Numerical analyses were performed using both continuum and discontinuum modelling of the rock mass, with the claim of studying the stability of a rock column located on a high conglomerate cliff in Roverino, near Ventimiglia, in Italy. It was shown that the silty–sandy layers in the rock mass and the discontinuity that separates the rock column from the cliff behind, deeply influence the triggering and development of instability. It was therefore essential to properly simulate the behaviour of both the soft layers and the major discontinuities in the rock mass.

The results obtained from both continuum (FDM) and discontinuum (DEM) analyses have highlighted the on-set of yield in the silty–sandy layers, particularly in the layer at the base of the rock column that makes the global stability conditions critical. In static conditions, if the discontinuity propagates, the block slides along the discontinuity and falls downwards. If the layers and the discontinuity parameters are known and properly represented, both continuum and discontinuum models are appropriate to simulate the response of the cliff.

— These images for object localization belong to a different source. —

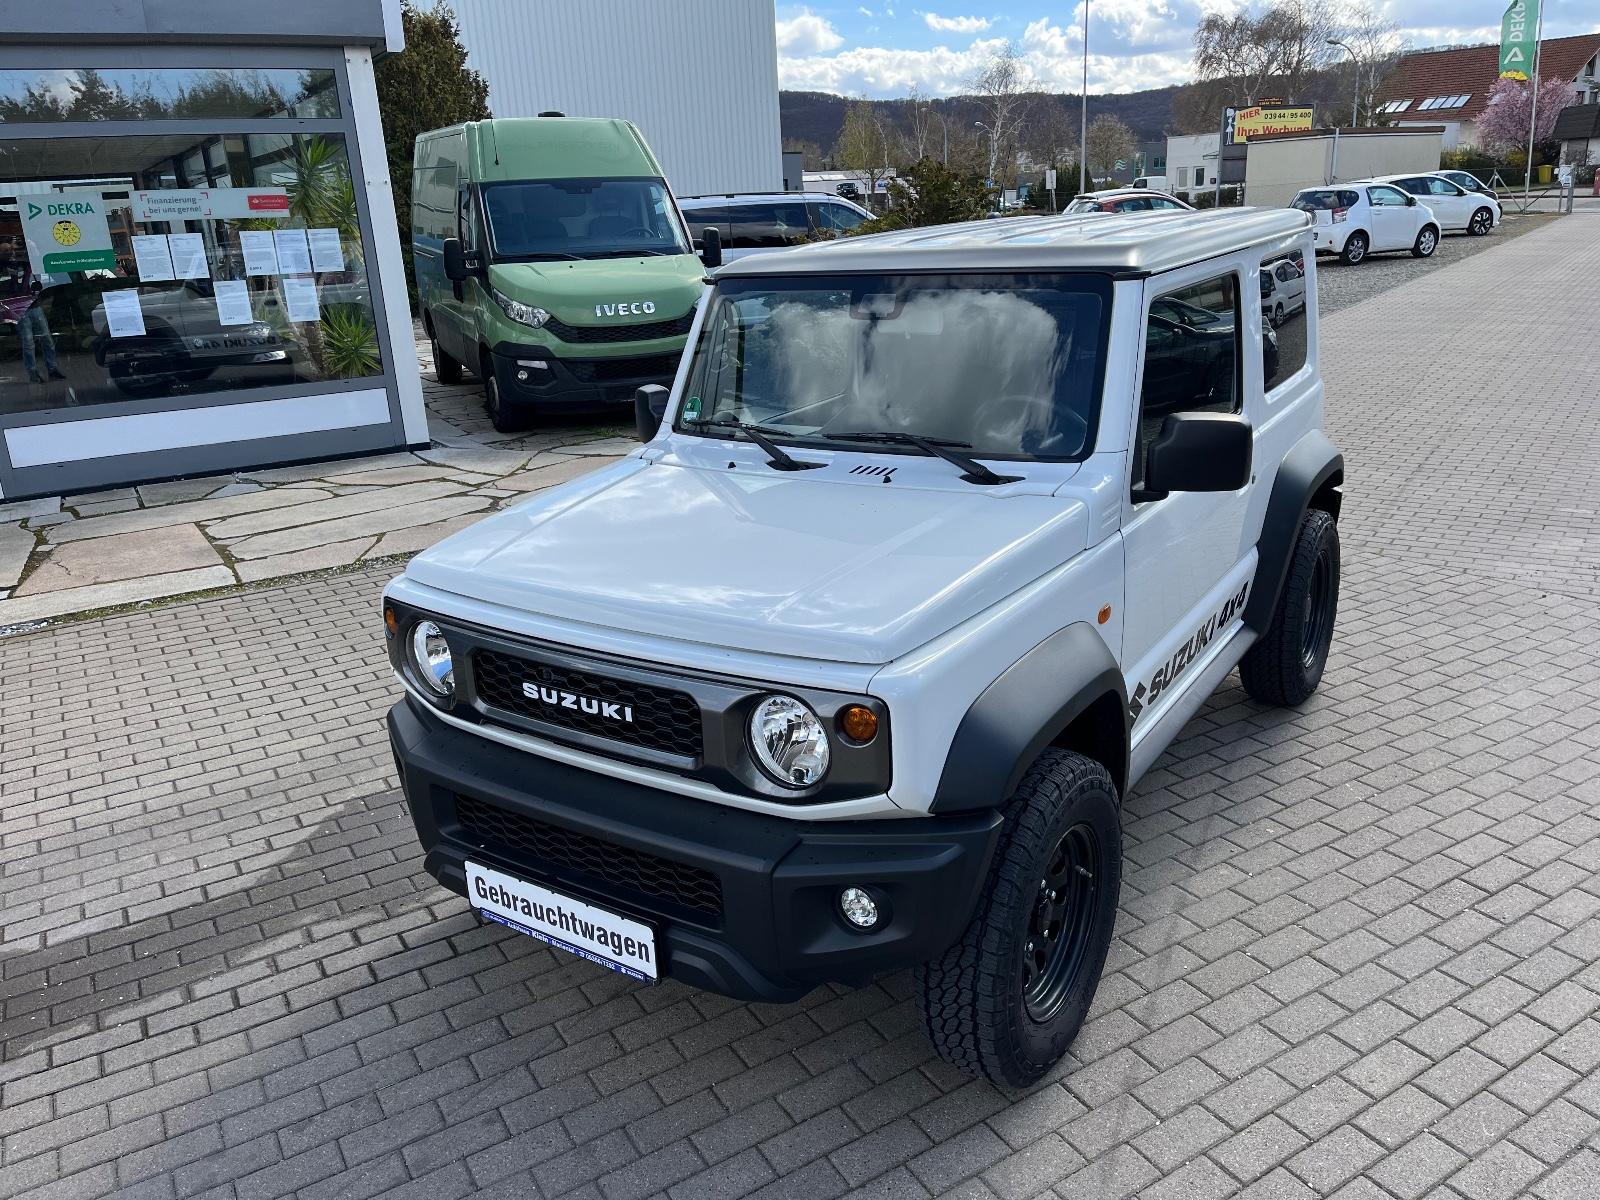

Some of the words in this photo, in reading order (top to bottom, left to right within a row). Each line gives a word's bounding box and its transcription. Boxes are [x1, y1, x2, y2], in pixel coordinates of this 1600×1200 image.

[1239, 109, 1260, 120] HIER
[1237, 127, 1259, 136] Ihre
[147, 196, 197, 205] Finanzierung
[48, 202, 95, 216] DEKRA
[177, 206, 202, 215] gerne!
[594, 301, 656, 317] IVECO
[1147, 612, 1218, 705] SUZUKI
[522, 682, 633, 722] SUZUKI
[474, 876, 650, 963] Gebrauchtwagen
[531, 930, 549, 943] Klein
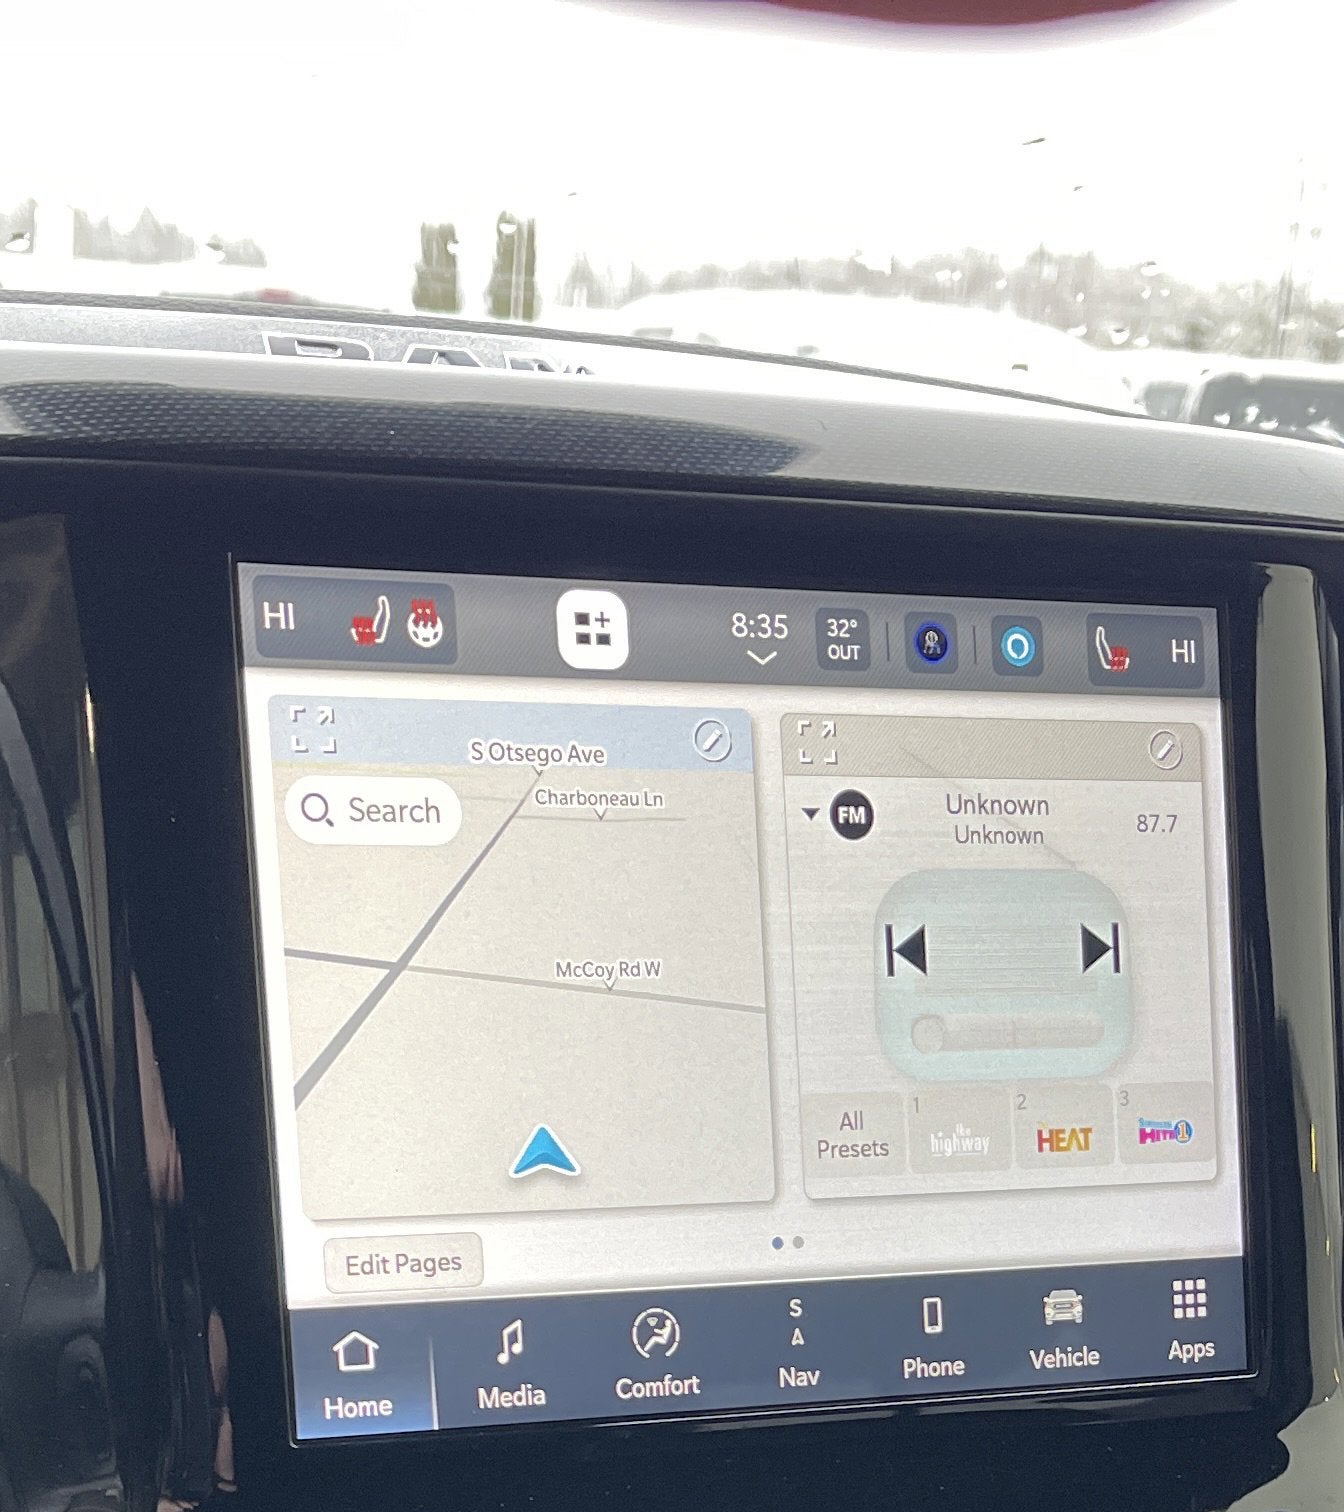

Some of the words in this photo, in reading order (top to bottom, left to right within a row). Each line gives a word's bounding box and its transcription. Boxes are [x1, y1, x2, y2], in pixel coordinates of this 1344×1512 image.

[263, 602, 295, 631] HI
[731, 612, 789, 640] 8:35
[827, 643, 861, 661] OUT
[1171, 639, 1196, 664] HI
[470, 742, 485, 762] S
[489, 742, 563, 767] Otsego
[566, 745, 606, 765] Ave
[534, 788, 639, 808] Charboneau
[643, 791, 664, 808] Ln
[945, 793, 1050, 817] Unknown
[348, 796, 441, 825] Search
[837, 804, 867, 825] FM
[953, 825, 1045, 846] Unknown
[1135, 814, 1178, 834] 87.7
[556, 961, 614, 983] McCoy
[618, 962, 642, 979] Rd
[643, 960, 662, 978] W
[913, 1096, 920, 1114] 1
[1016, 1093, 1027, 1110] 2
[1119, 1090, 1130, 1107] 3
[839, 1110, 864, 1131] All
[817, 1138, 890, 1160] Presets
[930, 1131, 990, 1157] highway
[1037, 1127, 1093, 1152] HEAT
[345, 1254, 390, 1277] Edit
[394, 1252, 463, 1279] Pages
[1029, 1345, 1101, 1371] Vehicle
[1168, 1339, 1216, 1365] Apps
[778, 1366, 821, 1388] Nav
[902, 1356, 966, 1380] Phone
[477, 1385, 546, 1409] Media
[615, 1374, 701, 1399] Comfort
[323, 1396, 394, 1419] Home
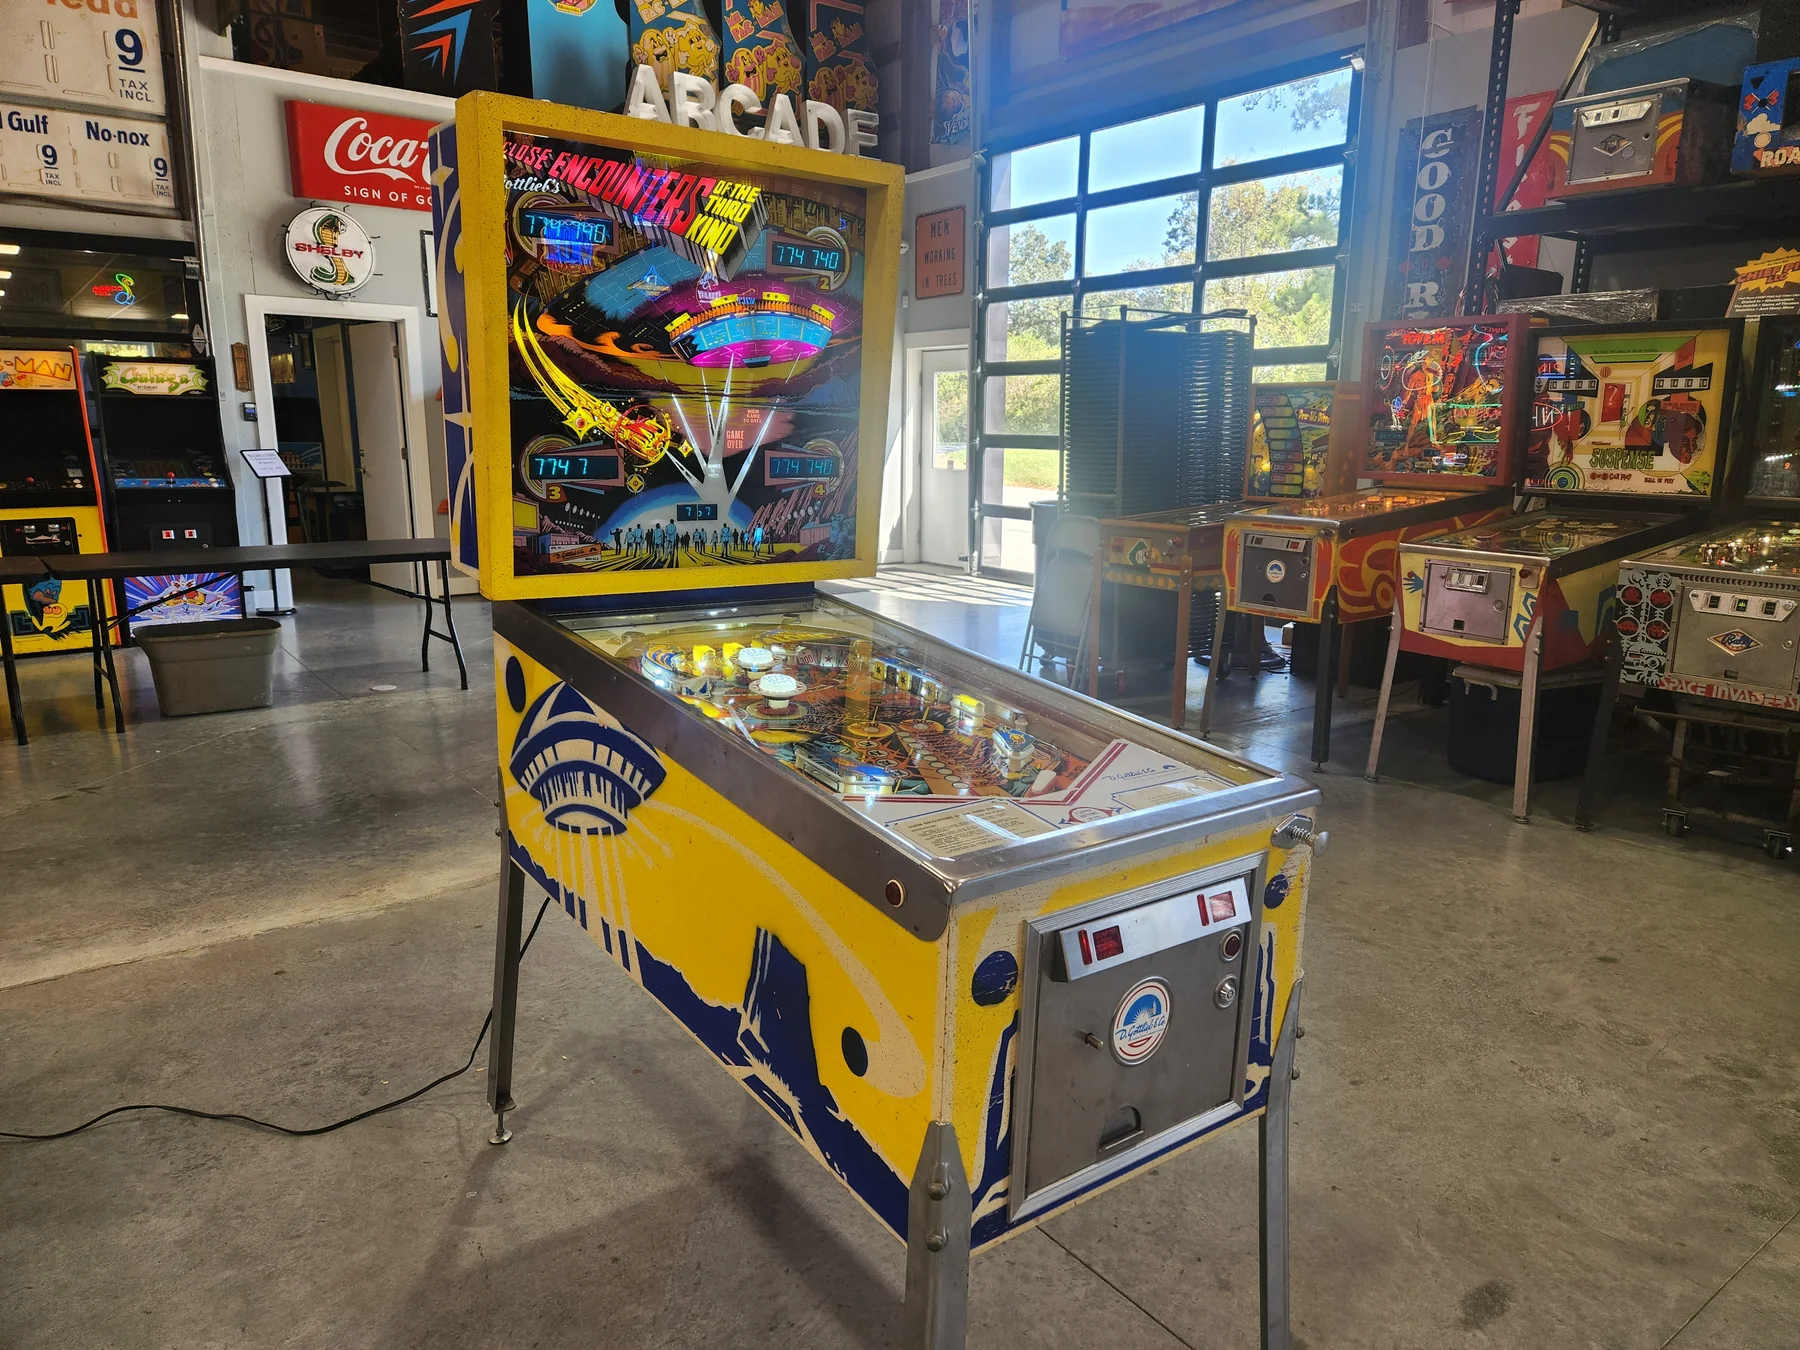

When the seismic action is taken into account, the modes of behaviour become more complex and only discontinuum modelling seems to correctly simulate the phenomenon under study, in accordance with the results reported by Bhasin and Kaynia (2004) for similar slope stability analyses. It is evidenced that a misunderstanding of the seismic response of the rock column would likely occur using continuum modelling only, as the complex scenarios involving detaching, impacts, oscillations and sliding along the major discontinuity in the rock mass that would drive the column to collapse, are neglected.